══ DATA TO EXAMINE

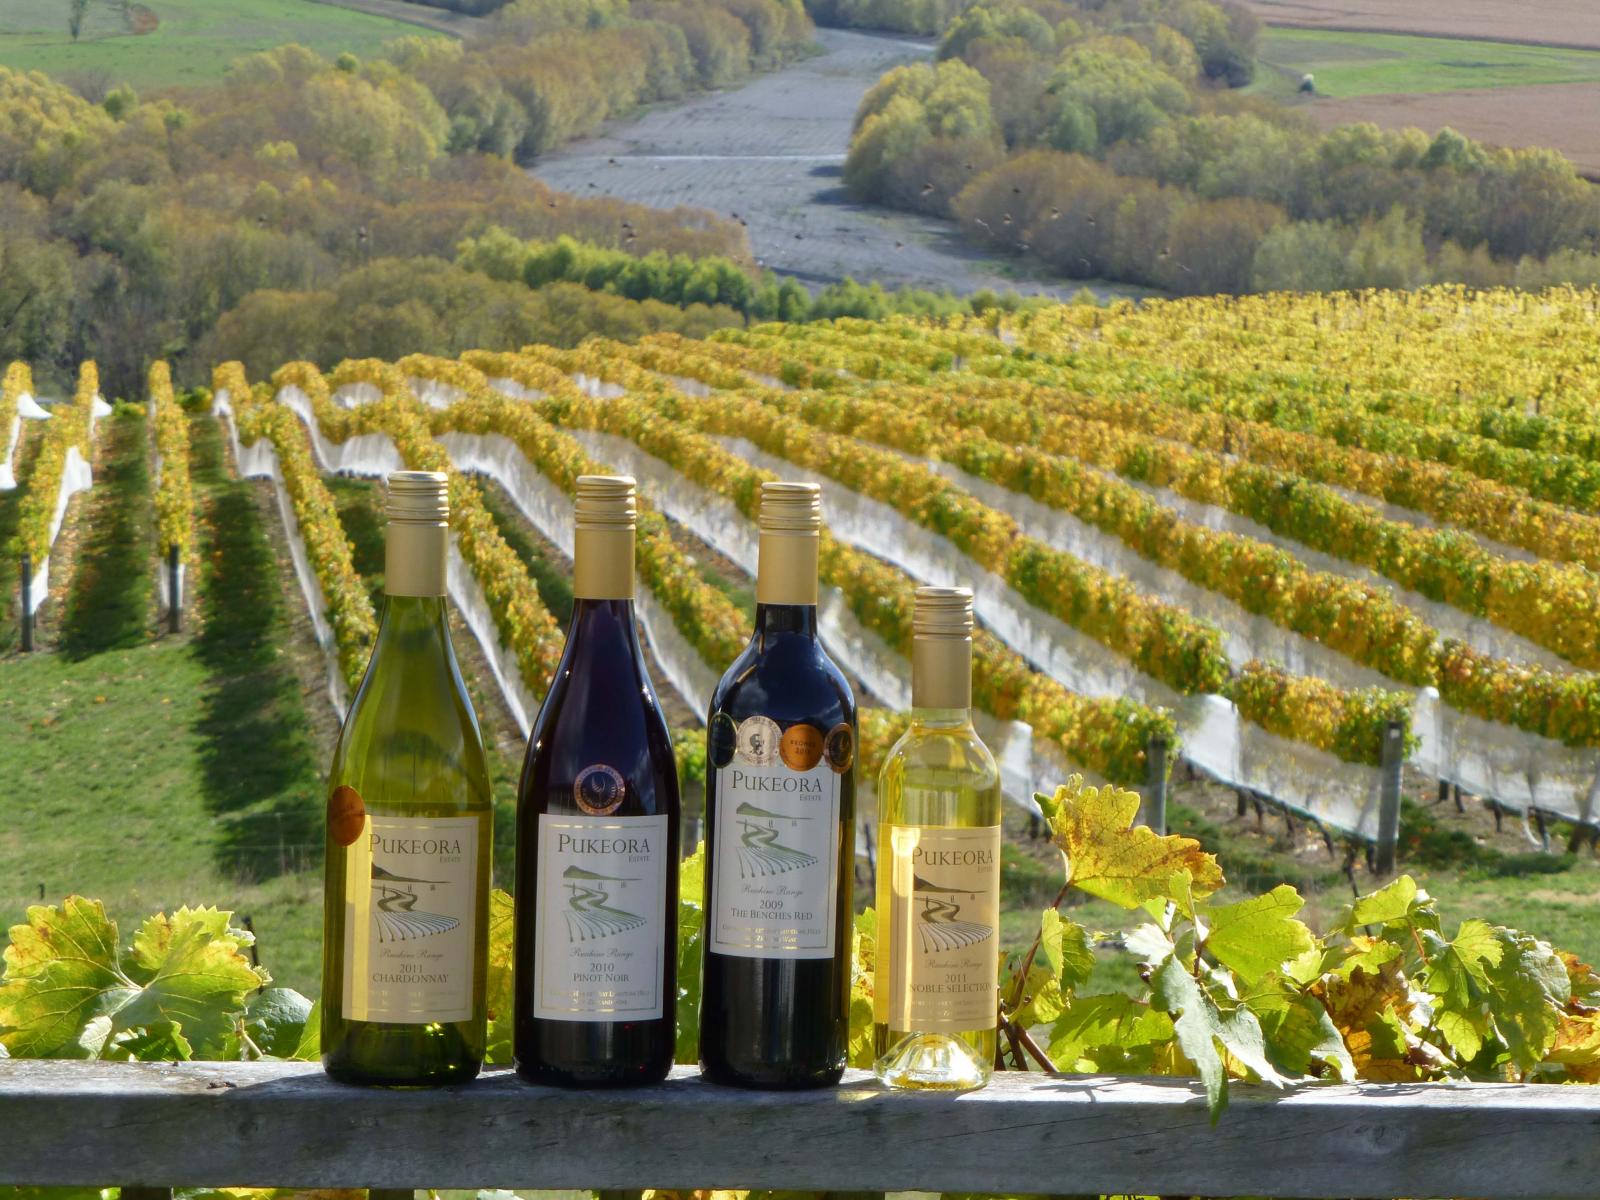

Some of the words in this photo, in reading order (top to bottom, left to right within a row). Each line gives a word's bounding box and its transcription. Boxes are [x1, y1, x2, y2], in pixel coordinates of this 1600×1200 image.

[732, 770, 822, 793] PUKEORA
[368, 833, 461, 854] PUKEORA
[558, 833, 650, 854] PUKEORA
[912, 846, 993, 866] PUKEORA
[760, 900, 783, 910] 2009
[731, 907, 748, 918] THE
[750, 909, 793, 921] BENCHES
[794, 911, 813, 921] RED
[400, 964, 422, 974] 2011
[590, 962, 615, 973] 2010
[372, 973, 449, 984] CHARDONNAY
[573, 973, 603, 982] PINOT
[605, 974, 630, 982] NOIR
[945, 973, 967, 983] 2011
[910, 983, 945, 993] NOBLE

════

__WORK TO COMPLETE__. Leave the images aside and transcribe all entries exactly.

__RESPONSE BOX__.
Some of the words in this photo, in reading order (top to bottom, left to right within a row). Each line gives a word's bounding box and its transcription. Boxes are [x1, y1, x2, y2], in pixel coordinates of this 1600×1200 image.

[732, 770, 822, 793] PUKEORA
[368, 833, 461, 854] PUKEORA
[558, 833, 650, 854] PUKEORA
[912, 846, 993, 866] PUKEORA
[760, 900, 783, 910] 2009
[731, 907, 748, 918] THE
[750, 909, 793, 921] BENCHES
[794, 911, 813, 921] RED
[400, 964, 422, 974] 2011
[590, 962, 615, 973] 2010
[372, 973, 449, 984] CHARDONNAY
[573, 973, 603, 982] PINOT
[605, 974, 630, 982] NOIR
[945, 973, 967, 983] 2011
[910, 983, 945, 993] NOBLE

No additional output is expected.